Brad tossed a baseball in the air from a height of 6 feet with an initial upward velocity of 14 feet per second. Enrique caught the ball on its way down at a point 4 feet above the ground. How long was the ball in the air before Enrique caught it? Use the equation h=-16t^2+vt+s where 'h' is height in feet, 't' is time in seconds, 'v' is the initial upward velocity in feet per second, and 's' is the initial height in feet. (let h=0)
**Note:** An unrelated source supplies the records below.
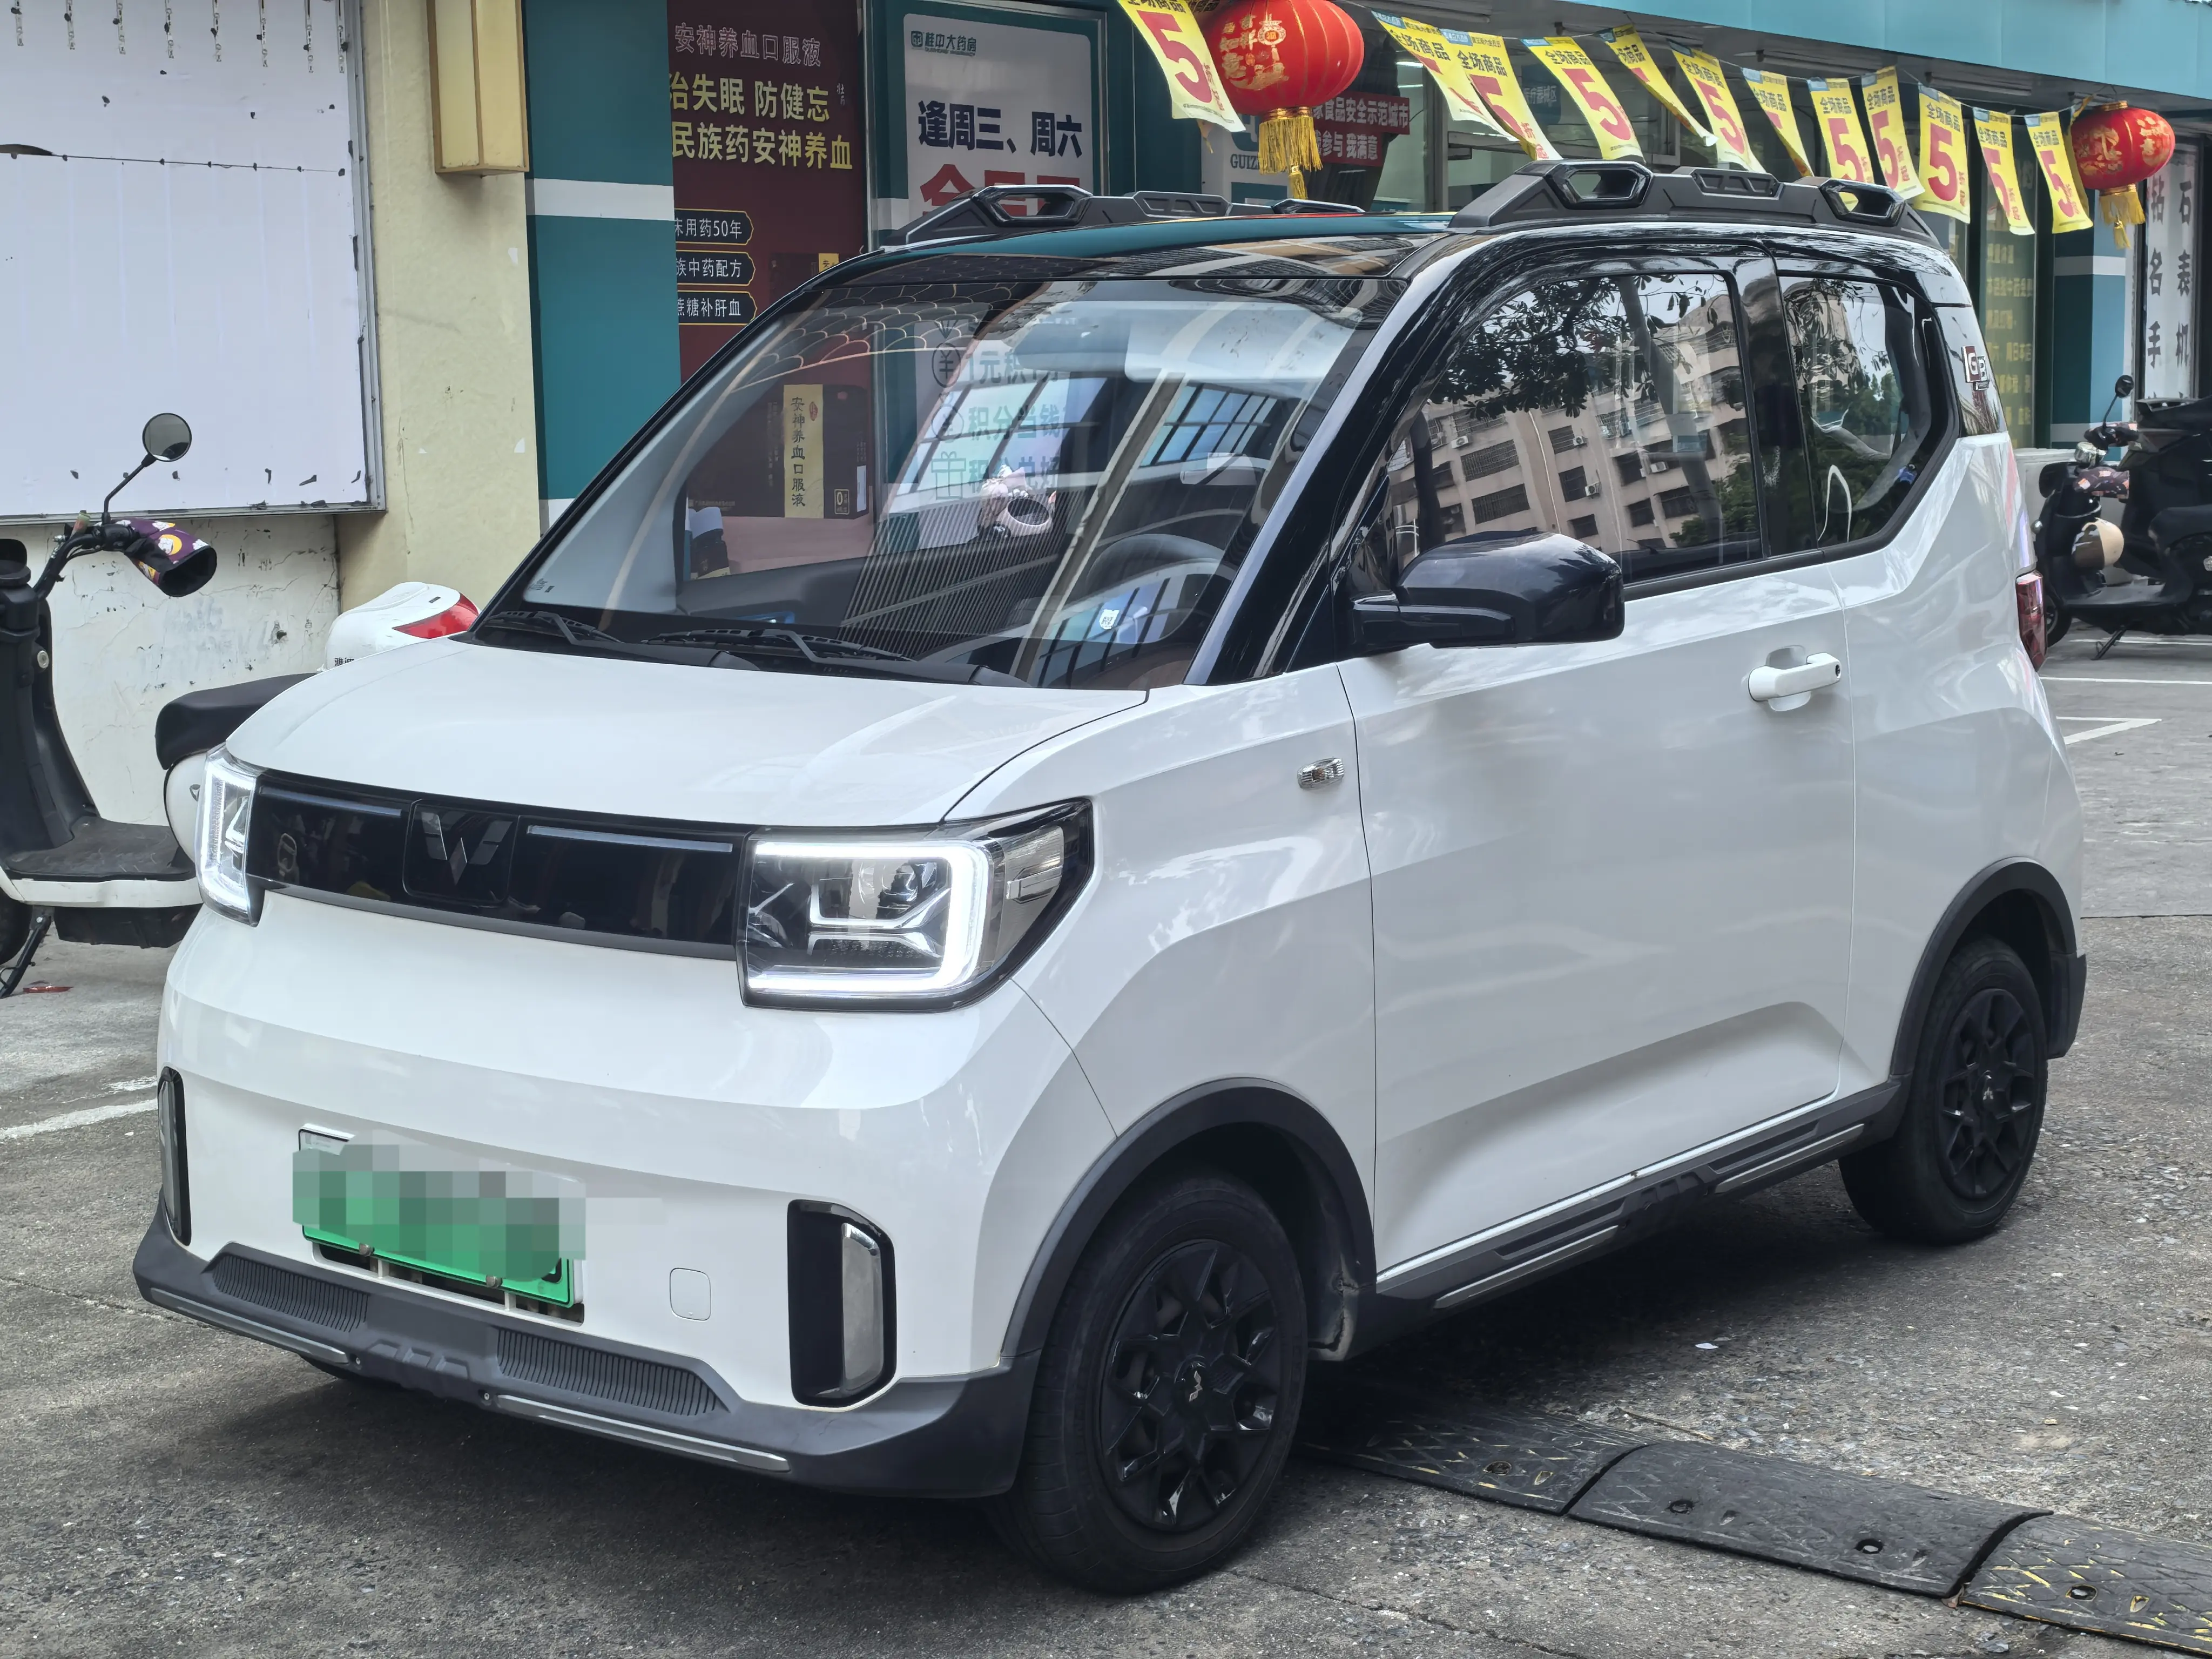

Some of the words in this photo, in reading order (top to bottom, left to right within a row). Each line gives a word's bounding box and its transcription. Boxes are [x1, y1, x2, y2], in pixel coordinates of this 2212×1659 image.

[675, 22, 821, 67] 安神养血口服液
[1136, 10, 1213, 103] 5
[1457, 50, 1508, 77] 全场商品
[1545, 50, 1592, 66] 全场商品
[669, 71, 745, 115] 治失眠
[754, 80, 831, 122] 防健忘
[1561, 68, 1631, 140] 5
[1693, 77, 1745, 154] 5
[1820, 97, 1852, 114] 全场商品
[1867, 85, 1896, 111] 全场商品
[1926, 102, 1961, 133] 全场商品
[672, 122, 853, 170] 民族药安神养血
[918, 100, 1083, 158] 逢周三、周六
[1827, 118, 1865, 182] 5
[1871, 110, 1899, 190] 5
[1978, 126, 2008, 149] 全场商品
[1230, 153, 1260, 171] GUIZ
[1927, 122, 1959, 201] 5
[791, 396, 806, 507] 安神养血口服液
2006-12-26 17:33:49 · 2 answers · asked by baseballman1243 1 in Science & Mathematics ➔ Mathematics
h(t) = -16t² + 14t + 6
So you want h(t) to be equal to 4:
4 = -16t² + 14t + 6
0 = -16t² + 14t + 2
Divide through by -2:
0 = 8t² - 7t - 1
0 = (8t + 1)(t - 1)
So the ball would be 4 feet above the ground at t = 1 second (throwing out the -1/8 answer for the same reason as the last problem you asked like this one).
2006-12-26 17:38:56 · answer #1 · answered by Jim Burnell 6 · 0⤊ 0⤋
The height of the ball is expressed by the formula:
h = -16t² + vt + s
You are given
v = 14 ft/sec
s = 6 ft
So
h = -16t² + vt + s = -16t² + 14t + 6
The ball is caught at h = 4 ft. So we have
h = -16t² + 14t + 6 = 4
-16t² + 14t + 2 = 0
8t² - 7t - 1 = 0
(8t - 1)(t + 1) = 0
t = -1/8 and 1
But time must be positive so t = 1 second.
Your last statement "(let h=0)" contradicts ealier statements about the initial and final height of the ball, so I ignored it.
2006-12-27 01:44:54 · answer #2 · answered by Northstar 7 · 1⤊ 0⤋